TASK STATEMENT → Word-for-word transcription: reproduce all of the data, but not the pictures.

[Opening INFORMATION GIVEN section]

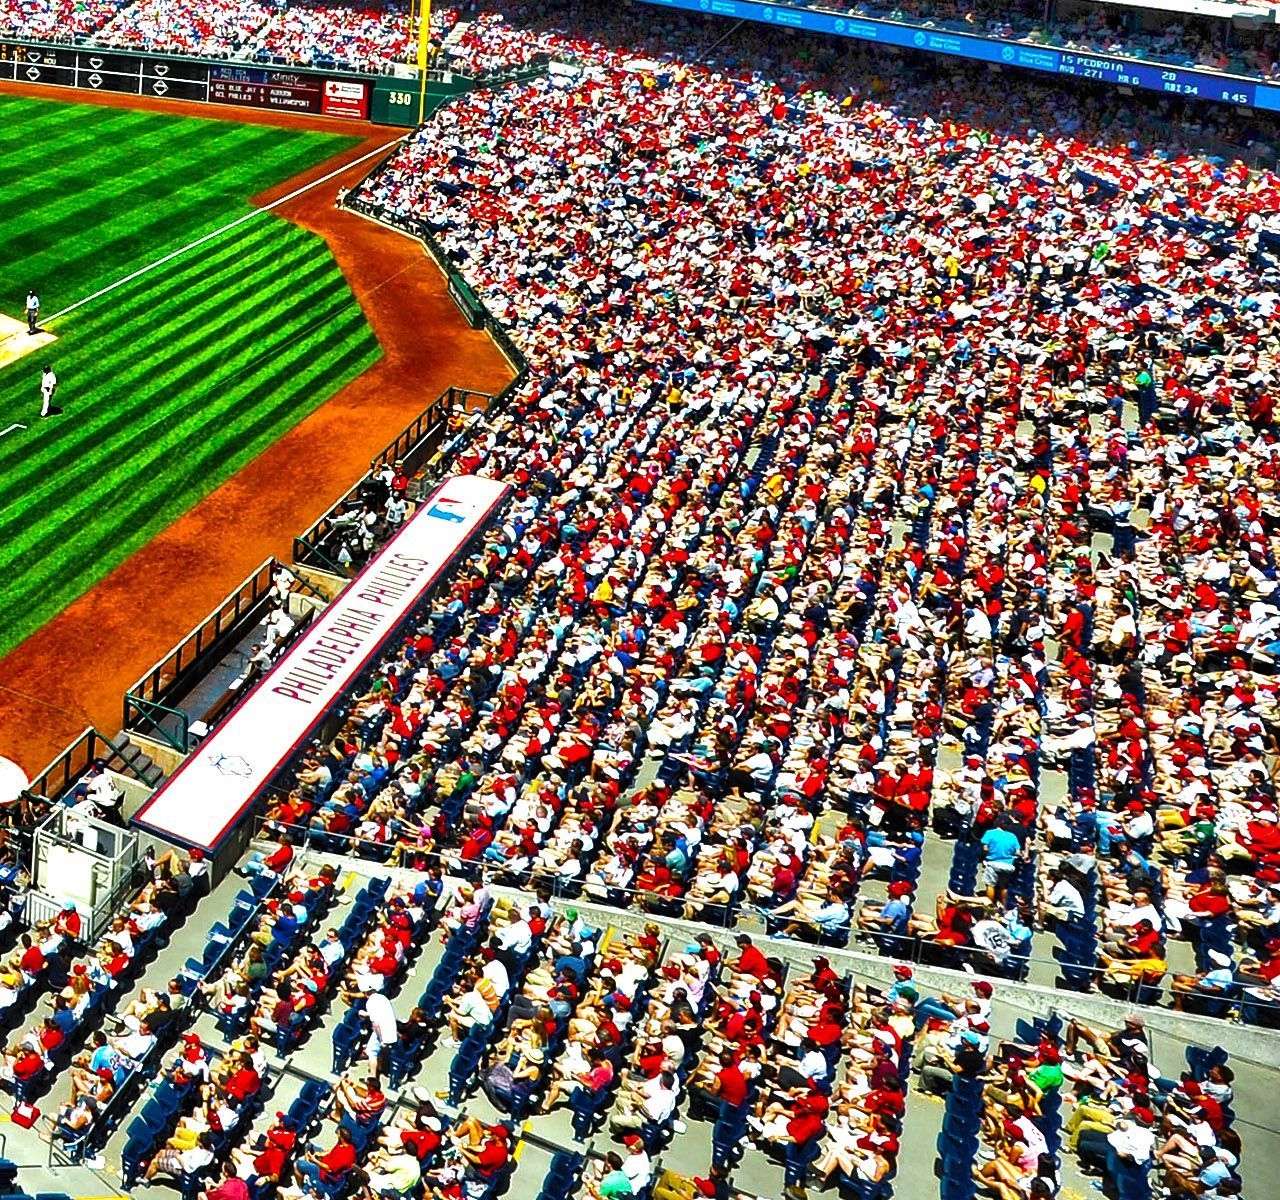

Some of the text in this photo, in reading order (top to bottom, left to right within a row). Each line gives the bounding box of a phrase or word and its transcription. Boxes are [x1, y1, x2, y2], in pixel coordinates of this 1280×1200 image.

[1061, 56, 1124, 72] 15 PEDROIA
[272, 72, 300, 82] xfinity
[389, 91, 411, 106] 330
[1184, 85, 1198, 95] 34
[1222, 92, 1229, 100] R
[1231, 94, 1247, 104] 45
[271, 553, 429, 704] PHILADELPHIA PHILLIES
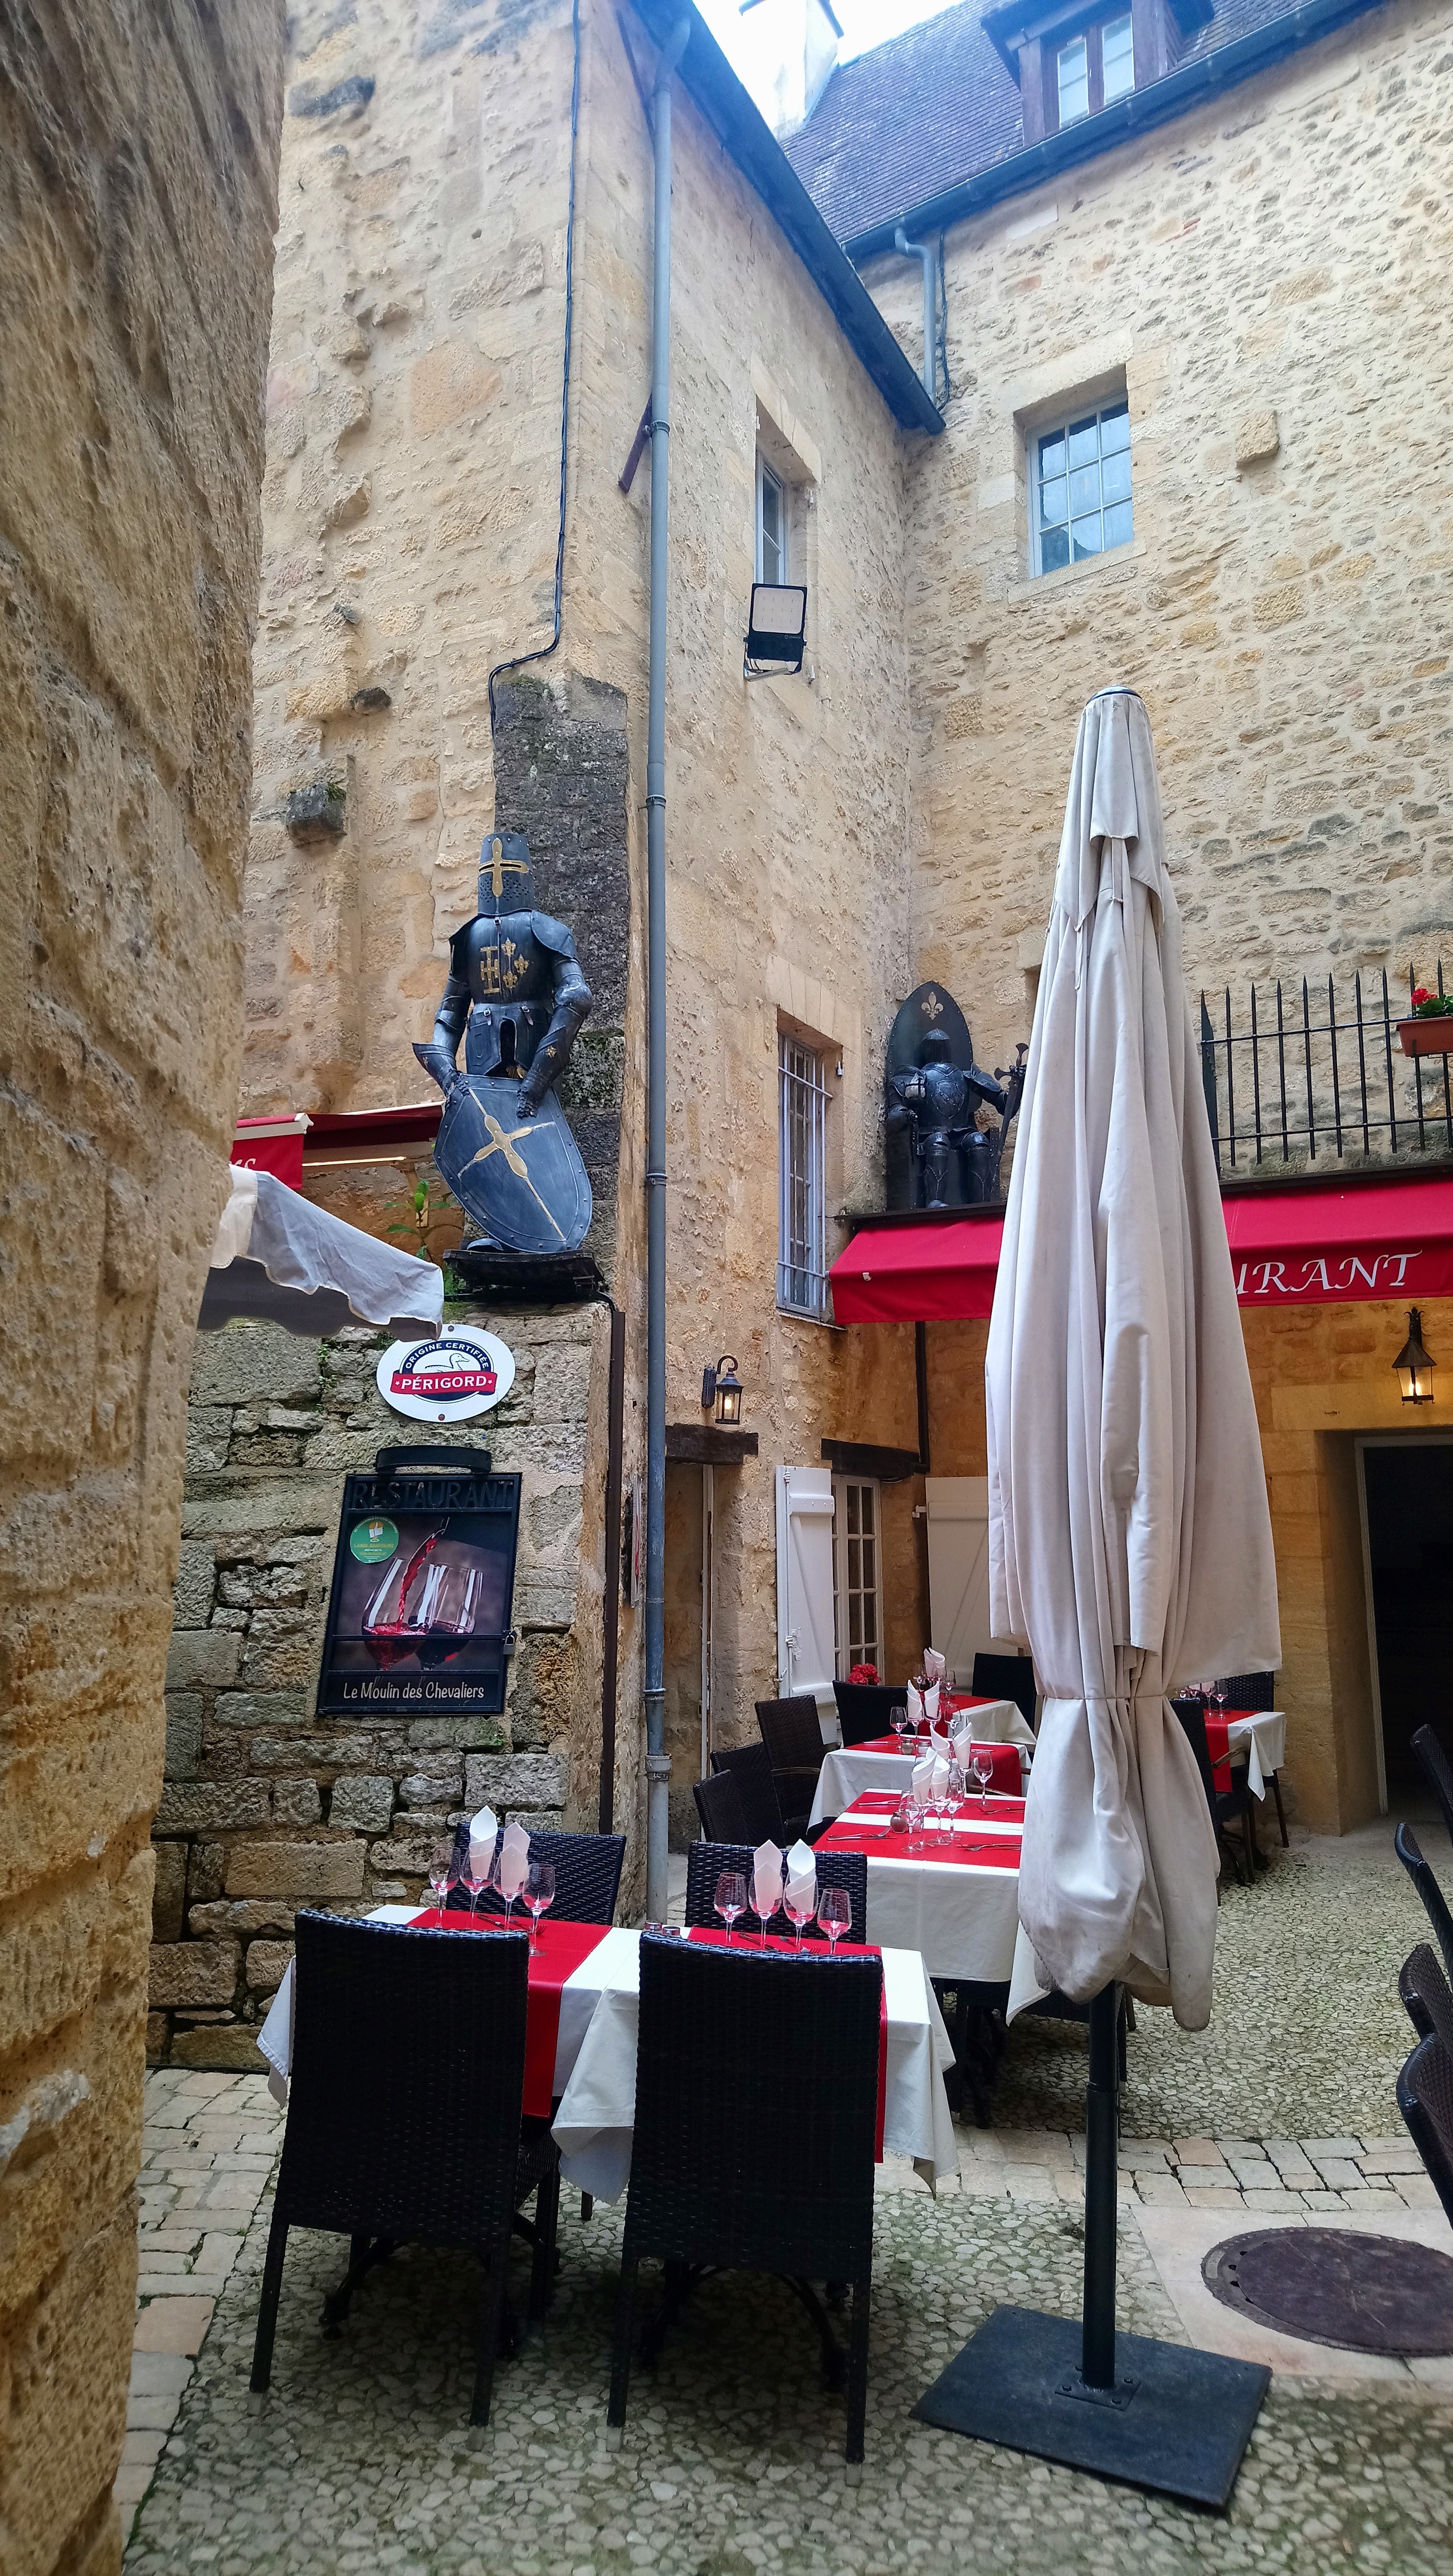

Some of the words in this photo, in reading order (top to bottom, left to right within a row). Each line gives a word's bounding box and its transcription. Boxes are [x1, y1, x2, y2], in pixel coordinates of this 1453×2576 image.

[406, 1342, 442, 1369] ORIGINE
[445, 1342, 489, 1369] CERTIFIÉE
[401, 1375, 487, 1391] PÉRIGORD
[352, 1480, 514, 1508] RESTAURANT
[343, 1682, 358, 1699] Le
[361, 1682, 399, 1699] Moulin
[402, 1682, 422, 1699] des
[425, 1681, 484, 1699] Chevaliers

[Closing INFORMATION GIVEN section]

RESULT FOR THIS TASK →
Some of the text in this photo, in reading order (top to bottom, left to right within a row). Each line gives the bounding box of a phrase or word and its transcription. Boxes are [x1, y1, x2, y2], in pixel coordinates of this 1280×1200 image.

[1061, 56, 1124, 72] 15 PEDROIA
[272, 72, 300, 82] xfinity
[389, 91, 411, 106] 330
[1184, 85, 1198, 95] 34
[1222, 92, 1229, 100] R
[1231, 94, 1247, 104] 45
[271, 553, 429, 704] PHILADELPHIA PHILLIES

Some of the words in this photo, in reading order (top to bottom, left to right within a row). Each line gives a word's bounding box and its transcription. Boxes are [x1, y1, x2, y2], in pixel coordinates of this 1453×2576 image.

[406, 1342, 442, 1369] ORIGINE
[445, 1342, 489, 1369] CERTIFIÉE
[401, 1375, 487, 1391] PÉRIGORD
[352, 1480, 514, 1508] RESTAURANT
[343, 1682, 358, 1699] Le
[361, 1682, 399, 1699] Moulin
[402, 1682, 422, 1699] des
[425, 1681, 484, 1699] Chevaliers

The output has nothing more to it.